_SOURCE DATA_:
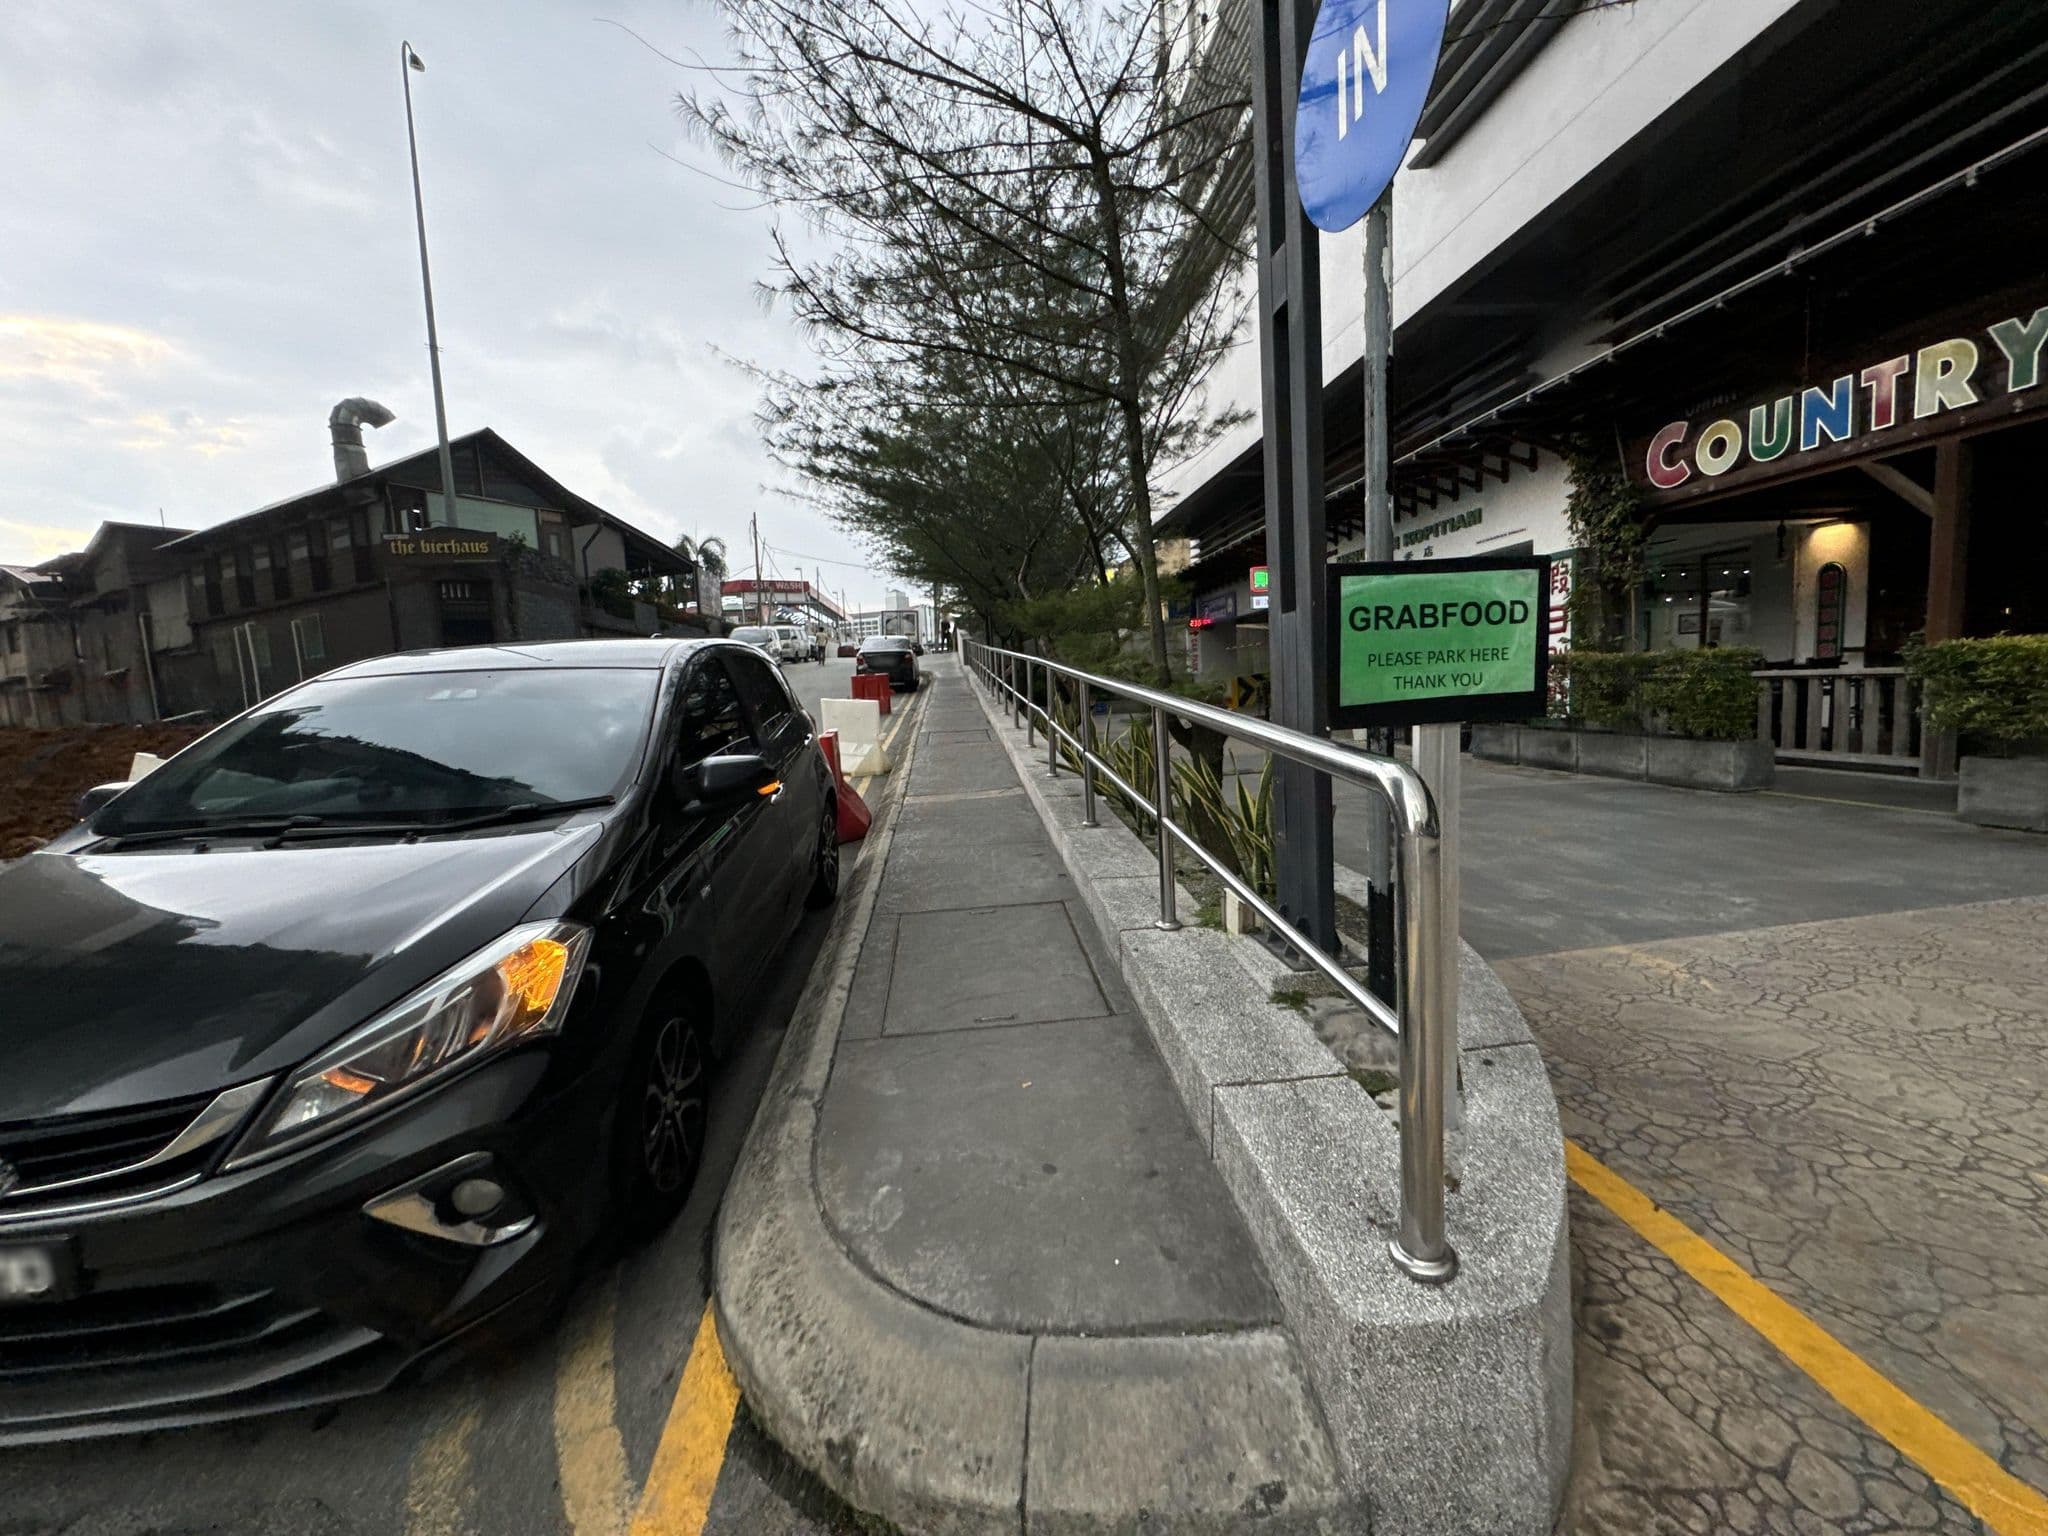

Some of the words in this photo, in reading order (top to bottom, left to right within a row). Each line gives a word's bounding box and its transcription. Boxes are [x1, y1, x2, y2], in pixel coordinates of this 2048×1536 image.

[1337, 0, 1387, 142] IN
[1646, 306, 2048, 489] COUNTRY
[390, 540, 415, 556] the
[420, 540, 489, 555] bierhaus
[1348, 600, 1529, 631] GRABFOOD
[1367, 651, 1423, 668] PLEASE
[1427, 649, 1467, 665] PARK
[1470, 647, 1510, 662] HERE
[1393, 674, 1447, 690] THANK
[1451, 672, 1484, 687] YOU

_WORK ITEM_:
If a record contains a picture, leave the picture out and retype everything else exactly.

_EXERCISE ANSWER_:
Some of the words in this photo, in reading order (top to bottom, left to right within a row). Each line gives a word's bounding box and its transcription. Boxes are [x1, y1, x2, y2], in pixel coordinates of this 2048×1536 image.

[1337, 0, 1387, 142] IN
[1646, 306, 2048, 489] COUNTRY
[390, 540, 415, 556] the
[420, 540, 489, 555] bierhaus
[1348, 600, 1529, 631] GRABFOOD
[1367, 651, 1423, 668] PLEASE
[1427, 649, 1467, 665] PARK
[1470, 647, 1510, 662] HERE
[1393, 674, 1447, 690] THANK
[1451, 672, 1484, 687] YOU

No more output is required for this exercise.